## Exercise goal
A word-for-word copy of the records below is needed, without the images.

┄┄┄┄┄┄┄┄┄┄

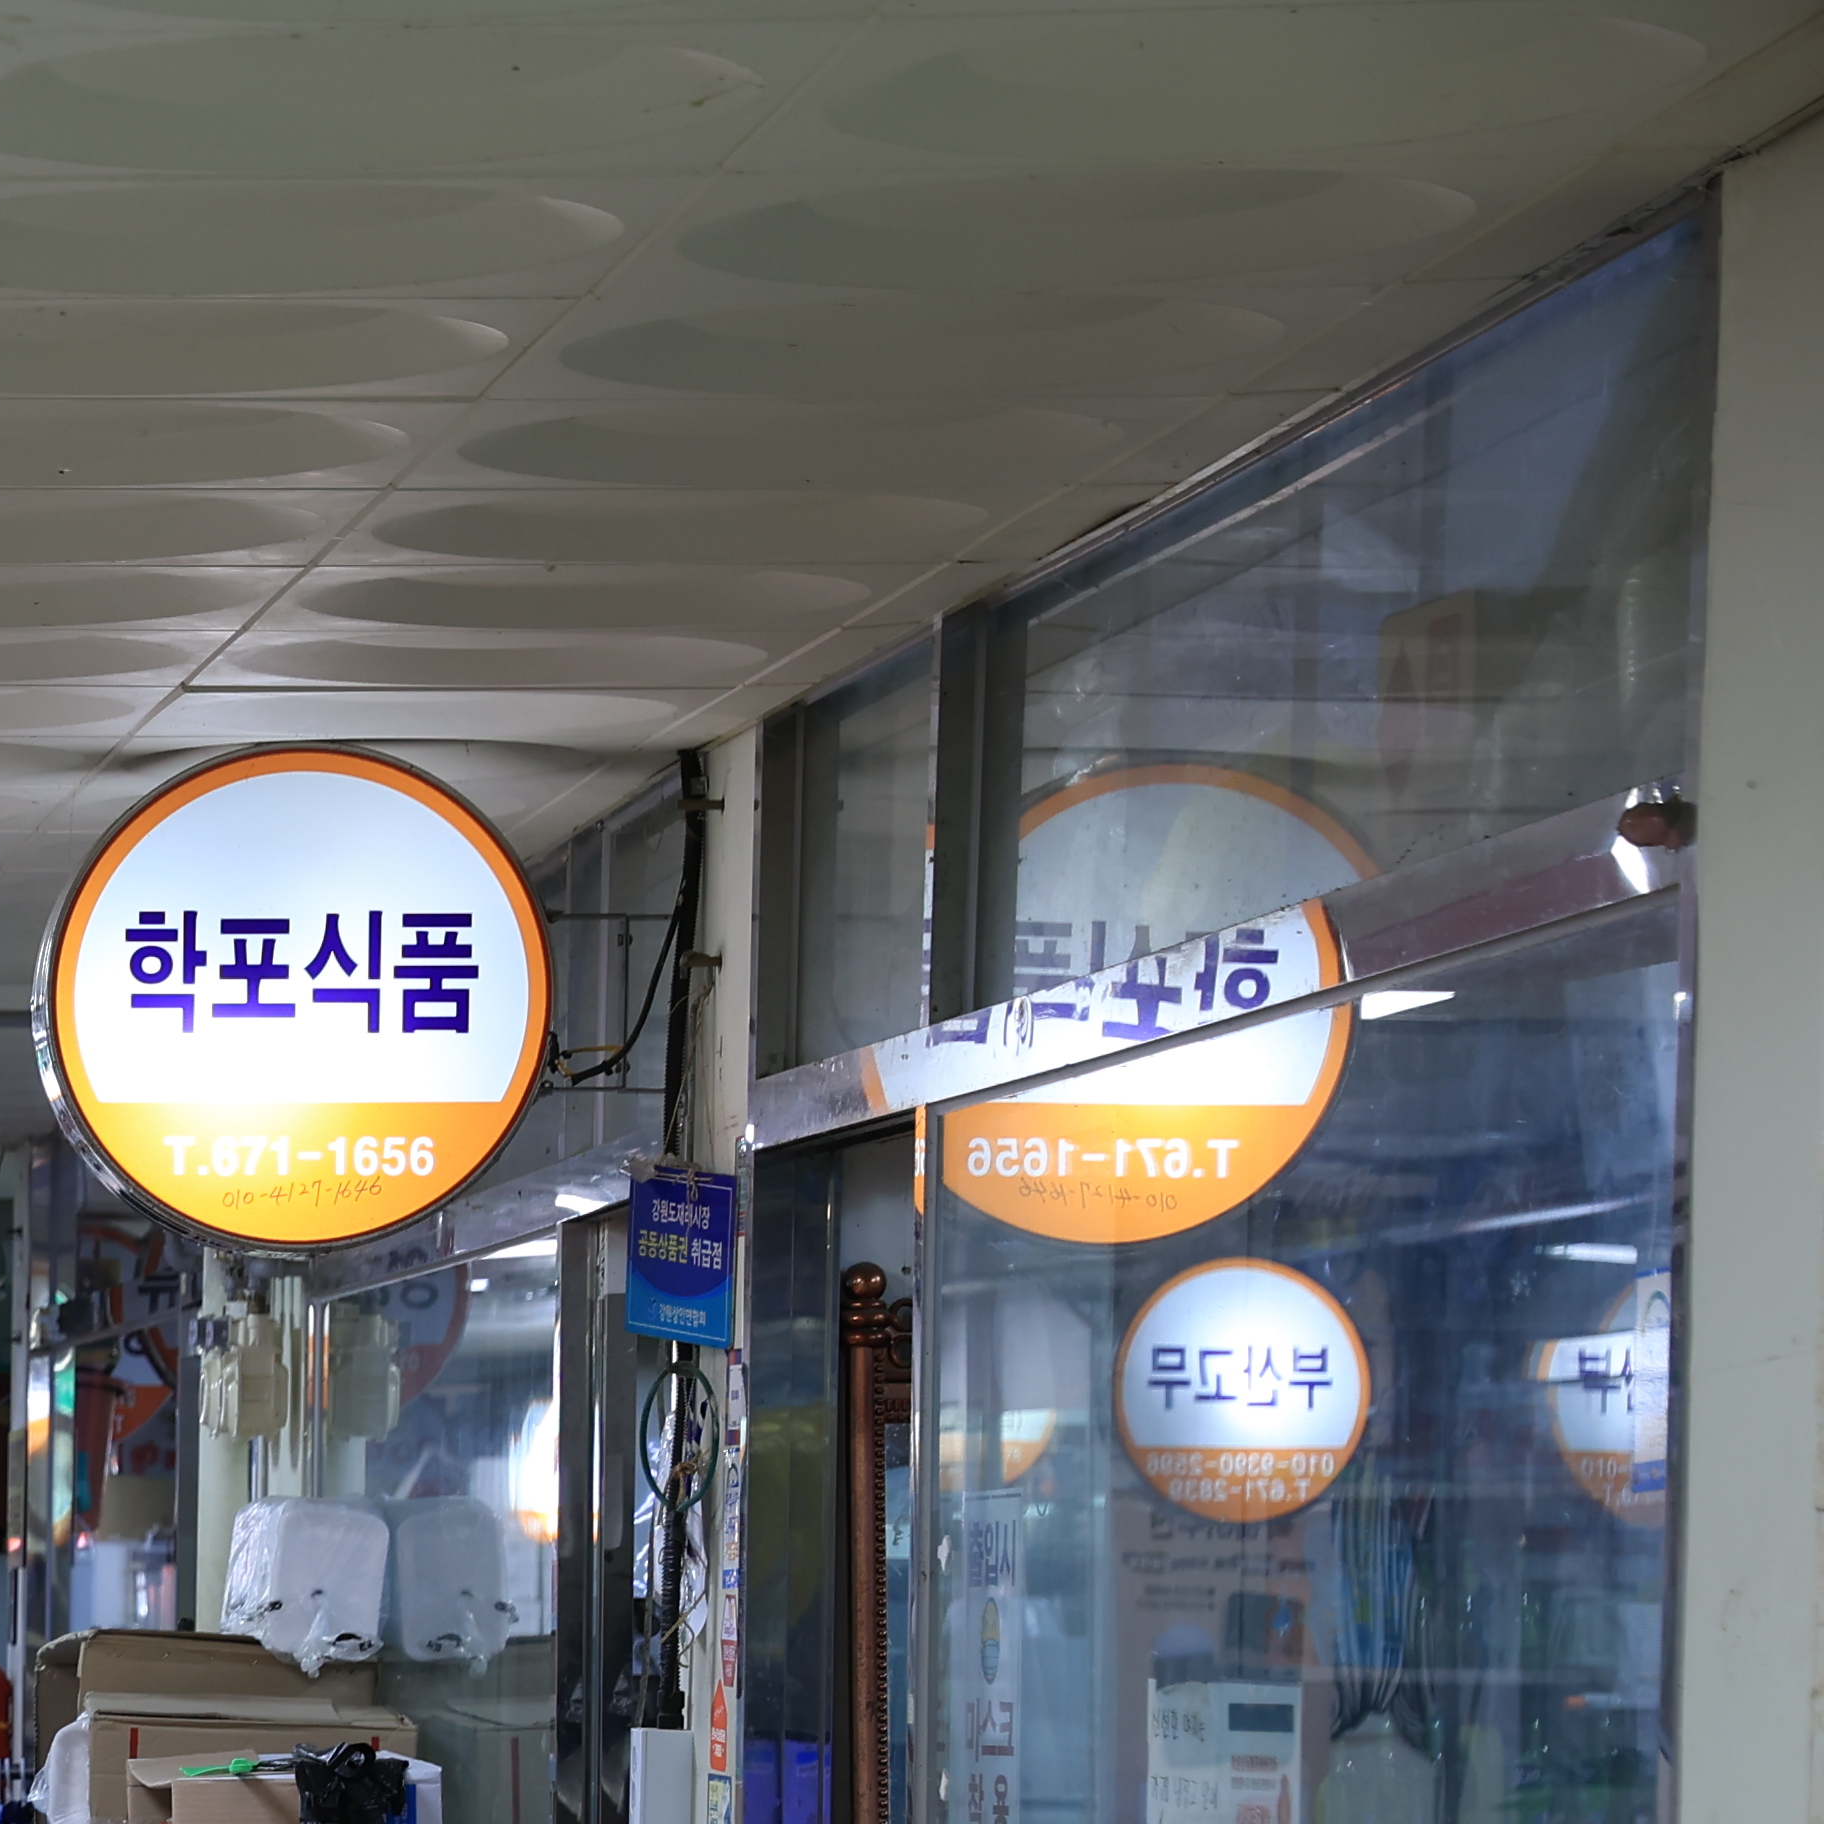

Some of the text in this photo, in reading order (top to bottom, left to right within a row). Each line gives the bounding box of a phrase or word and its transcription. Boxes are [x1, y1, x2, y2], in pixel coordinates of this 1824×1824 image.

[125, 910, 479, 1033] 학포식품
[163, 1135, 435, 1177] T.671-1656
[222, 1176, 384, 1210] 010-4127-1646
[652, 1199, 711, 1230] 강원도재래시장
[638, 1229, 723, 1270] 공동상품권 취급점
[966, 1697, 1014, 1763] 마스크

┄┄┄┄┄┄┄┄┄┄

## Written solution
Some of the text in this photo, in reading order (top to bottom, left to right within a row). Each line gives the bounding box of a phrase or word and its transcription. Boxes are [x1, y1, x2, y2], in pixel coordinates of this 1824×1824 image.

[125, 910, 479, 1033] 학포식품
[163, 1135, 435, 1177] T.671-1656
[222, 1176, 384, 1210] 010-4127-1646
[652, 1199, 711, 1230] 강원도재래시장
[638, 1229, 723, 1270] 공동상품권 취급점
[966, 1697, 1014, 1763] 마스크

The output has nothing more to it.